Back to this business/office/free stuff location, I obviously start eyeing what's in the big pile out front of this place. Among the stuff, I see a big, beige, metal box, a weird looking TV, and something with a big coiled wire hanging off of it. Now, it's not like there weren't computers in movies/TV at that point, and I had just read Jurassic park the same year, so I did recognize, vaguely, what it was. So I start looking at it, poking around, It had a name on it. "Wang". Don't know what that means, but I'm 10; that's hilarious. I decide I'm taking it. Tried to pick it up, and yeah, that shit is heavy. Nevermind the TV thing, and the keyboard. So as you do, I look around for a stary shopping cart, and sure enough, there's never one far away. Grab the cart and start lifting my haul into it, when someone comes out of the business/office/treasure-hoard, and yells "HEY!" Thought I was about to be in trouble, but instead, this guys walks over to me and says "you're gonna need this." Handed me a bundle of wires, and a square envelope, and just went back inside. So I toss that in the cart, and start pushing. And push I did. A shopping cart full of early 90's computer hardware, pushed by a 10 year-old, down the street, on and off of curb, up and down hills, from the other end of the city, is hard work. But eventually, I got home with it. Not to worry though, I only lived on the 3rd floor of a three-story building.

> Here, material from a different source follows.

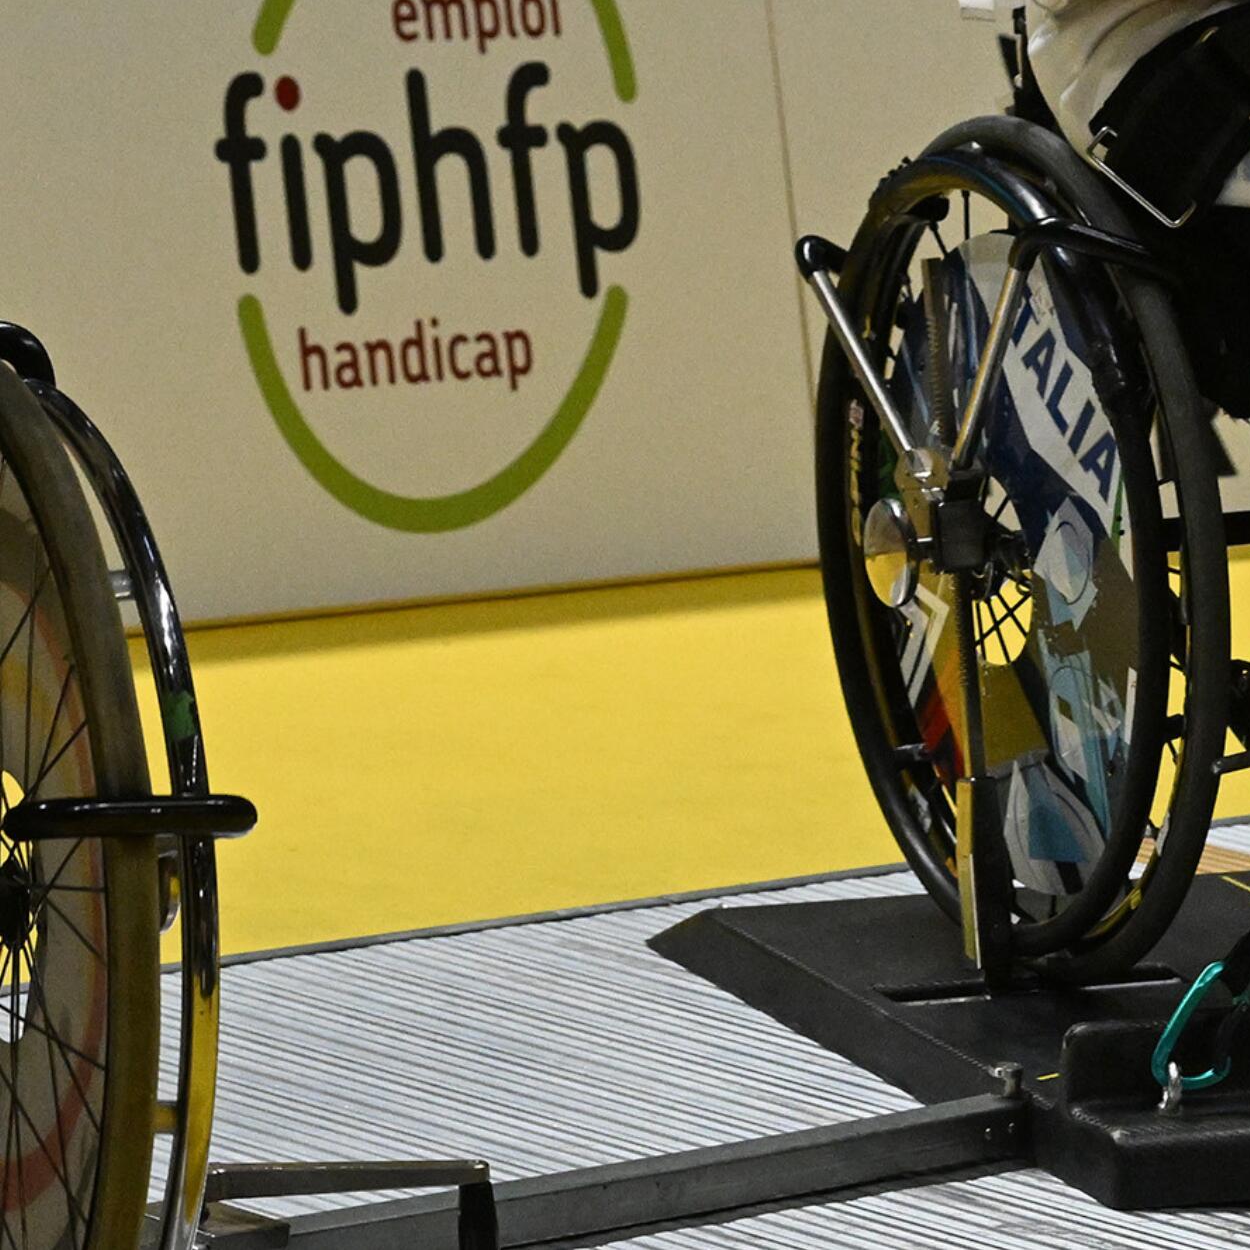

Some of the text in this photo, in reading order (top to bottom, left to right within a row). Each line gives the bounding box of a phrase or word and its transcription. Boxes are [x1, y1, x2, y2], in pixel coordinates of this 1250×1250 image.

So I get home, and I start unloading my haul, one piece at a time, and start dragging it up the stairs. Thankfully no one was home, so I could bring everything into my room without anyone complaing about what I'm doing. That was also one of the only times I actually had a bedroom, so that worked out. Once I get it in there, I put the big metal box on the floor in the corner of my room, I take my monitor and decide that I'm pretty sure it's supposed to sit on top, so I put that there. The keyboard was next. After I untagled that cursed coiled cable, I obviously checked the back of the monitor, looking for where I need to plug the keyboard in. Figured out that no, it gets plugged into the big metal box. What next? Oh, right, that bundle of wires the guy gave me. It tuned out to be a couple of power cables, and a (what I now would assume) was a VGA cable. So I get to work plugging all of that in, and when it comes to the VGA cable, that's when I realize that oh, everything plugs into the metal box, that seems important. That must be the part that is a "computer." So what the hell is the TV thing? Took a minute, but I eventually remembered my NES, and realized that oh yeah, the box is where everything happens, and the screen is just where you see it. Again, I was 10, and all of this technology was still new to the average person. Give me a break here.

And last up was that square envelope. Would you believe it had a black plastic thing inside? It's really floppy. Weird. What the fuck is this thing? It has a white sticker on it, and some illegible scribbles. Nintendo to the rescue again. This black plastic thing sure does look like it would fit into the slot on the front of the metal box. Oh shit, it did! Now I just have to turn this thing on. How the fuck do you turn this thing on? Spent a while on that one, flipping the obvious big red power switch in the back. Took a while before I figured out there was a second power button on the front. TWO power switches?! What is this nonsense? Whatever. It's on now.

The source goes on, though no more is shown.